I reached for the tent flap. As I pulled it open, I felt the cool crisp rush of the outside air. I closed the flap before any more of the darkness could sneak into the tent. I took steps with hands groping, stirring the blackness before me. Finally feeling the door of the Humvee, I turned north and shuffled what felt like several miles to reach the rear hatch of the vehicle, where I turned west and leaned against it at waist level. I glanced, eyes right, and began to piss a giant puddle. I struggled to keep from using any muscles; I surrendered unconditionally to the forces of gravity. Minutes later, I was panting with relief, thankful for the ability to breathe normally again. I stayed bent over, savoring the moment.
The pain had retreated, and, once again, I assumed command of my body. I wiped sweat from my forehead and backwards into my fresh new haircut. I tilted my head forward, and I scratched furiously, trying to shake sand from the top of my freshly shaved head. I stood up, straightening my frame back into the shape of a soldier. My strength was renewed; my confidence was restored. I walked seven steps from the rear of the vehicle to the front of it, and I peered into some direction of the darkness. I saw the vague shape of the Criminal Investigation Detachment tent only a few steps away, and I heard the sound of another giant piss puddle forming somewhere in the immediate darkness before me. I looked to the left and to the right of the sound; the rods of my eyes processed an image of one of our resident CID agents relieving himself. I waived, and the movement registered in his eyes. I walked over, and we made small talk. I told him I drank nineteen of the one and a half-liter water bottles--one full liter for each hour I was awake. He began to straighten up and said he too had drunk to excess. Then he went back to his tent, grabbing another full bottle of water before he went inside it. I turned, hoping I was facing my tent, and walked like a miniature Indian Frankenstein in boxers, arms leading the way.
On the fall of one of my footsteps, I nearly jumped out of my boots and boxers. The silence of my comical journey was shattered by the shock wave of a tremendous crash, and then another, and finally one more. The CID agent said, “I wonder what that was.”
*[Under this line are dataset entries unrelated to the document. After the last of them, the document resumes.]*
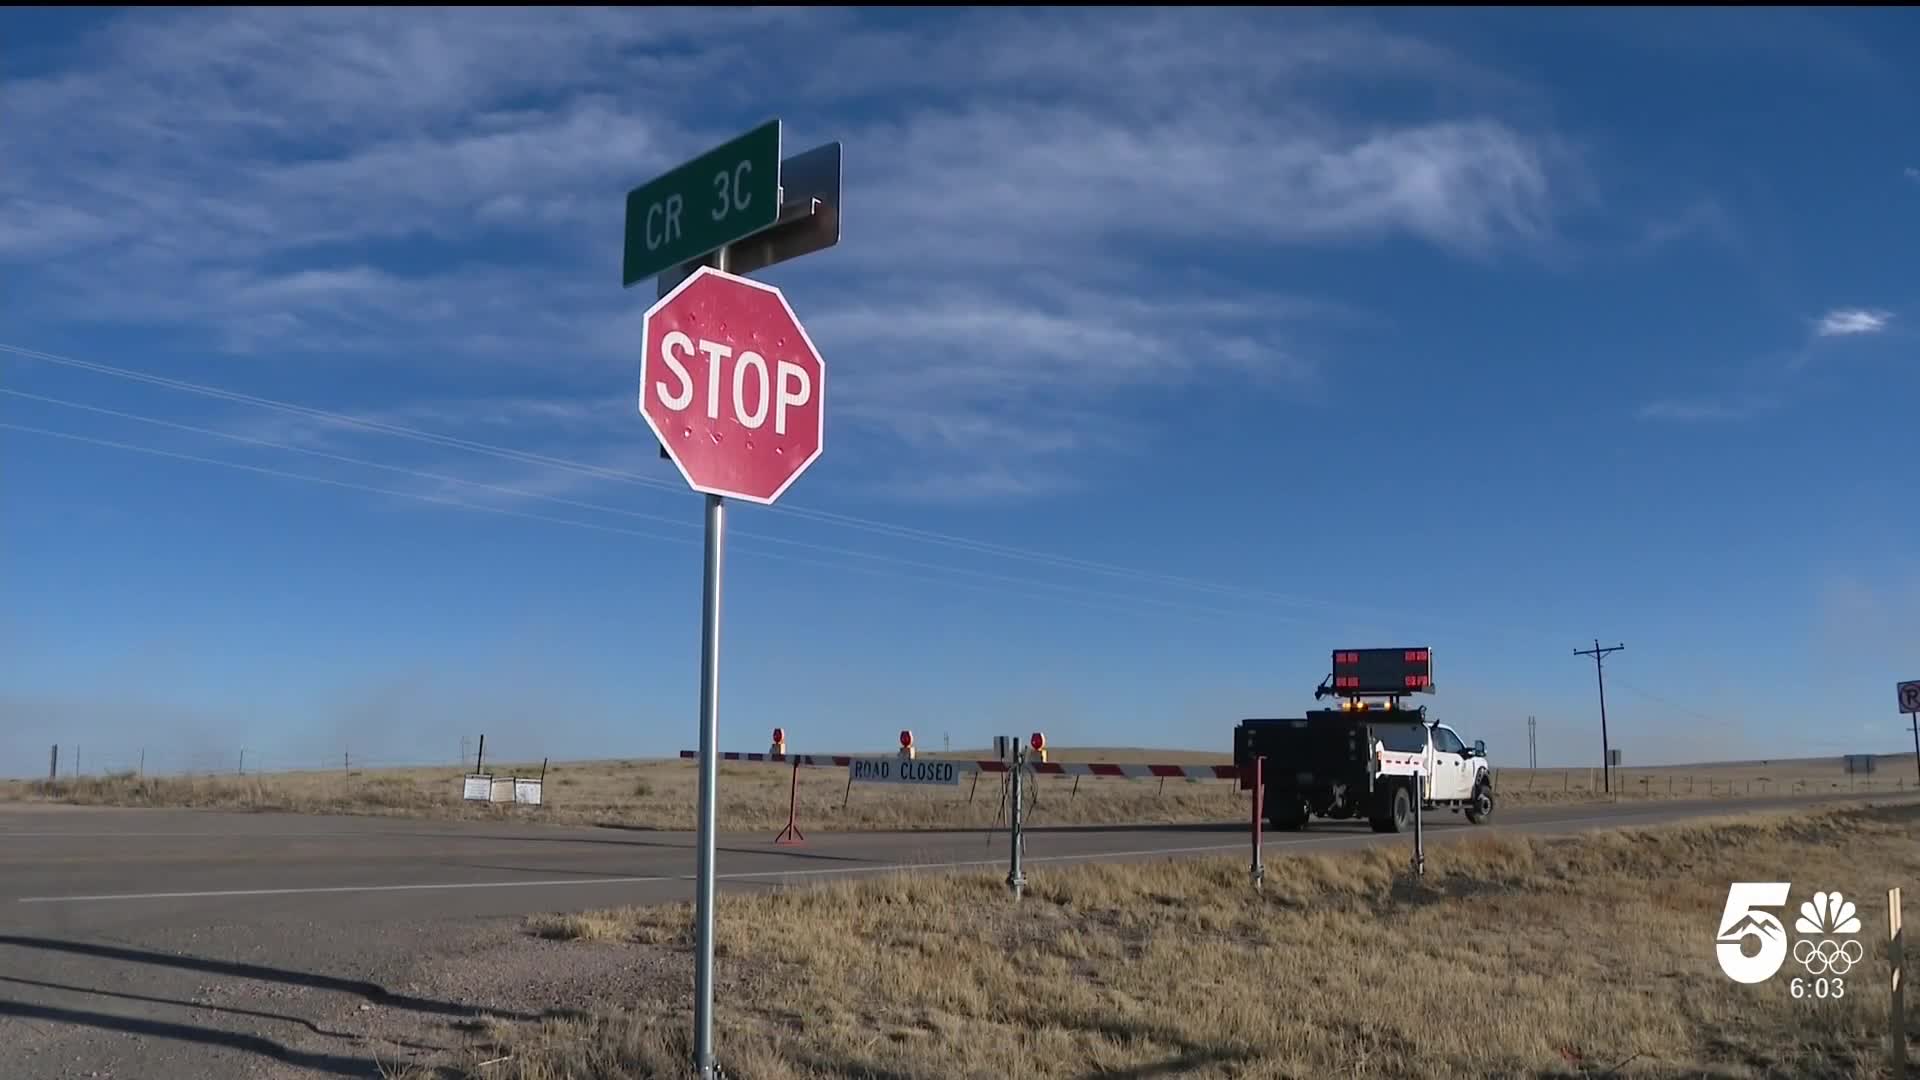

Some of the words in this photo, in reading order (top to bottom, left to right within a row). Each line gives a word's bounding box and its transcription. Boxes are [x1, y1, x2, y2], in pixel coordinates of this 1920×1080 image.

[645, 193, 682, 251] CR
[711, 160, 752, 222] 3C
[656, 330, 811, 435] STOP
[855, 761, 889, 778] ROAD
[900, 762, 953, 781] CLOSED
Doing far more than wondering, I said, “I don’t know,” already several footsteps away from where I had been. I followed tracks earlier vehicles had made in the sand; all fear of sand vipers, scorpions, and camel spiders faded in the face of my curiosity.
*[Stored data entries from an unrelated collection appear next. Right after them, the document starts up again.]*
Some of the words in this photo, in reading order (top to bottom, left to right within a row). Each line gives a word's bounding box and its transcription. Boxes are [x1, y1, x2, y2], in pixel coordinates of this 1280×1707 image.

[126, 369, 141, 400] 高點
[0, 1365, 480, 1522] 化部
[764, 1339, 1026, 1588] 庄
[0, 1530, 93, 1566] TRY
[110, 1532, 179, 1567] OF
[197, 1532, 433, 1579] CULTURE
About one hundred yards into my trek, I met a fellow sergeant, staring at his Humvee; it was a turtle stuck to the steep north side of a sand dune. It balanced tragically upon the shoulders of a young MP who was sitting underneath the right doorpost; his loose seatbelt was still clipped around him. I asked the sergeant what happened; he mumbled something about a vehicle rolling down from the top. I failed to recognize the shock in his blank stare at the vehicle.
I was running and screaming all the way back to the tent, never realizing that the darkness had been replaced by complete clarity. I screamed “Hey!” and “Somebody help me!” with every step I ran toward my tent. I was taking short quick wisps of air, afraid I would not get the words out quickly enough or loudly enough.
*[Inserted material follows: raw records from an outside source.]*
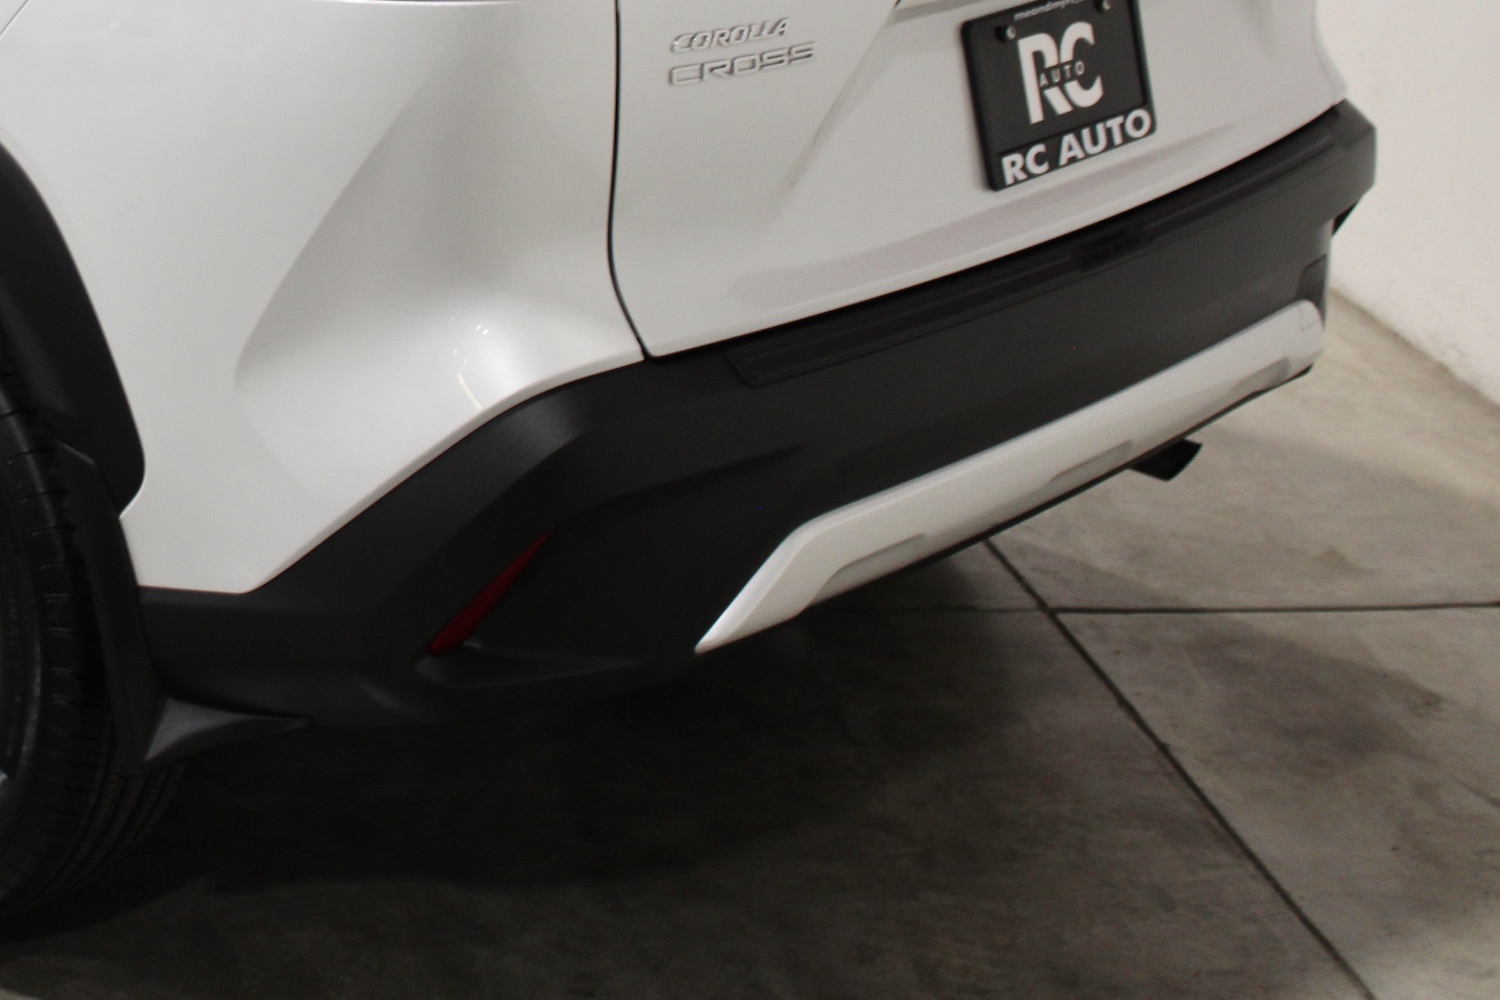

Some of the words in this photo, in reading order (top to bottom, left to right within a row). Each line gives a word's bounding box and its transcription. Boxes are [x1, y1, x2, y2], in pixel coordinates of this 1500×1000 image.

[670, 16, 790, 53] COROLLA
[668, 40, 817, 86] CROSS
[1017, 20, 1105, 126] RC
[1040, 60, 1086, 88] AUTO
[1001, 142, 1050, 187] RC
[1057, 107, 1153, 167] AUTO
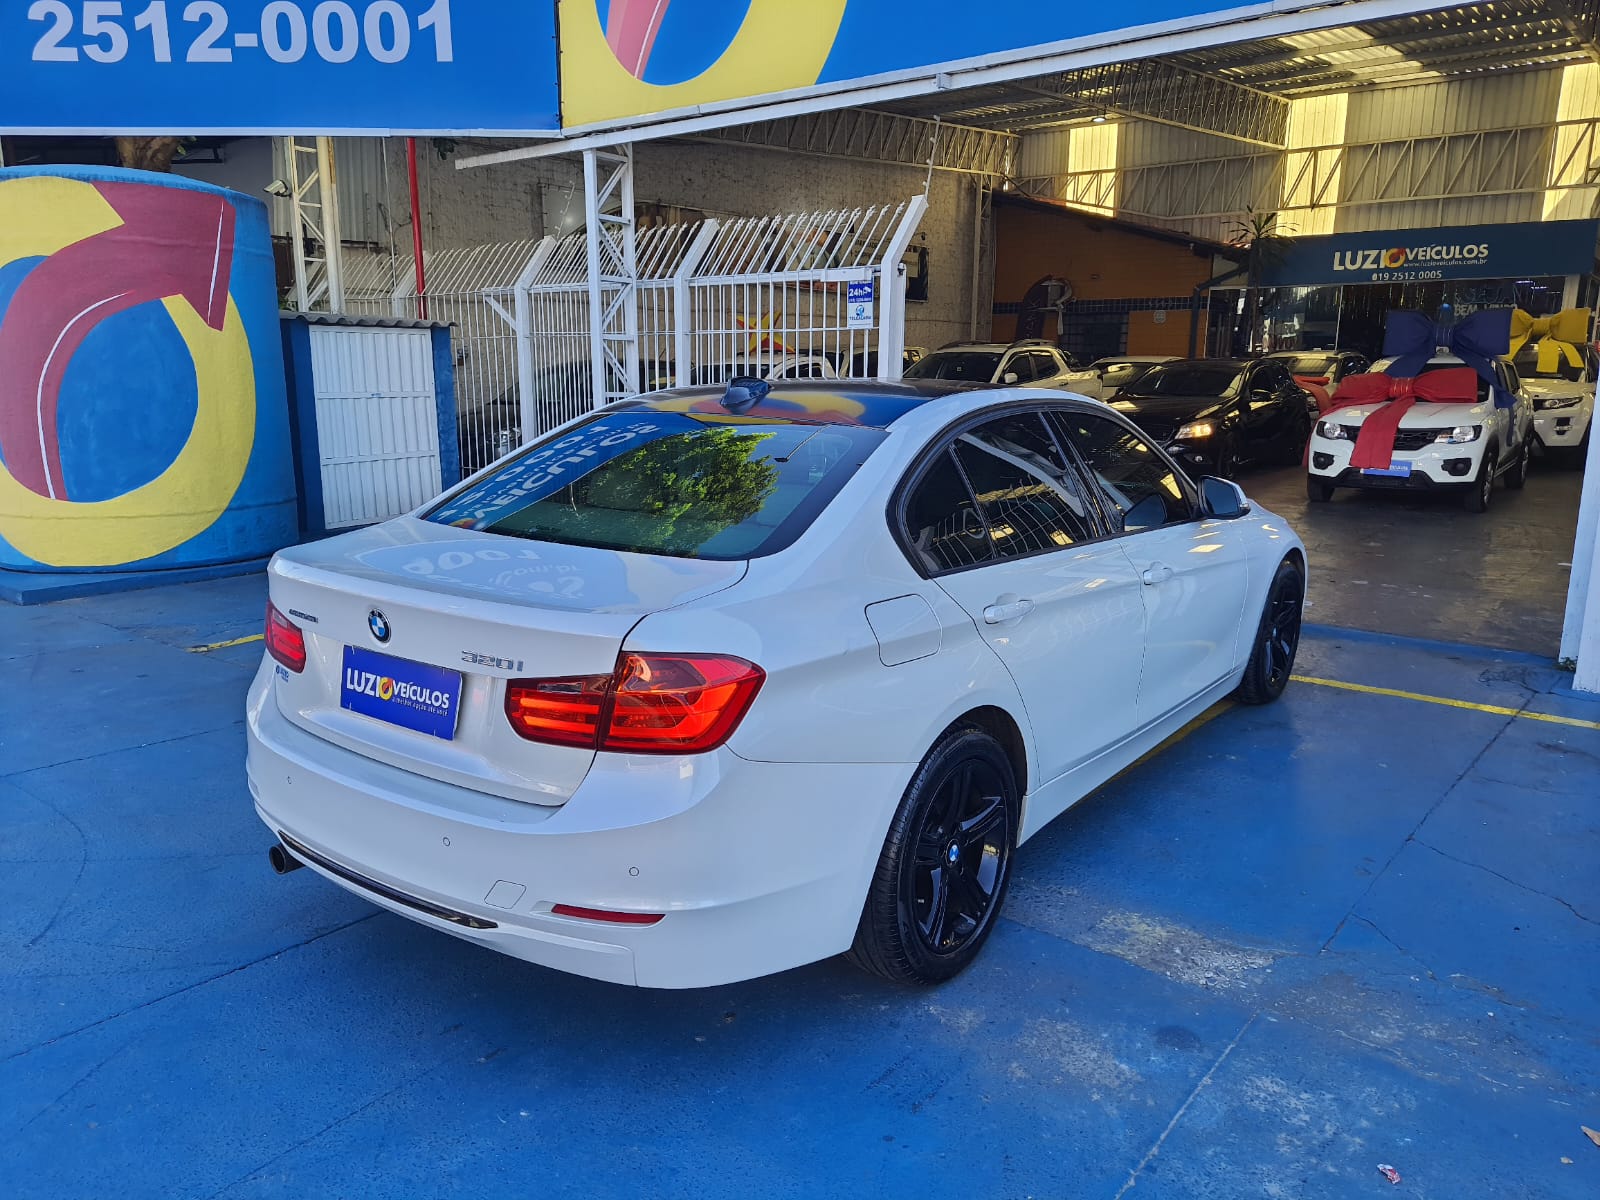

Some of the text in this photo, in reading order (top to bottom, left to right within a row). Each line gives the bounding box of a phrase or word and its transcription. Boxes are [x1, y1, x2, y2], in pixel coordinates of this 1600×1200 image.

[27, 0, 454, 63] 2512-0001
[1333, 243, 1489, 270] LUZIO VEÍCULOS
[1392, 271, 1415, 280] 2512
[1418, 270, 1442, 279] 0005
[346, 667, 450, 709] LUZIO VEÍCULOS
The CID agent met me between the tents. On the verge of tears, I shrieked that one of our vehicles had rolled over and, “Wake everybody up, I need help!” I sped into my tent, screaming the news to my platoon. I saw nothing but my flashlight lying on the ground, where, once before, I had seen nothing but complete darkness. Jumping over a bag, I ran from the tent screaming for them to follow. I took short quick wisps of air again, afraid that I couldn’t replace oxygen quickly enough.
I screamed into the heart of our Military Police compound for people to wake up and help. I raced back to the Humvee. The sergeant was trying to reach over the Private and blot out some sparking wires. I looked with my flashlight, whose cursed beams generated a picture of legs trapped beneath the side of the vehicle. This Private was supporting the weight of the vehicle on his upper spine. Blood clogged his mouth, his nose, and his ears.
“Don’t rock it, you’re gonna hurt him!” I screamed at the sergeant, who had regained his composure. I leaned into the weight of the Humvee; “Don’t worry, I’m not pushing it up, I’m just gonna keep it from going any further,” I grunted.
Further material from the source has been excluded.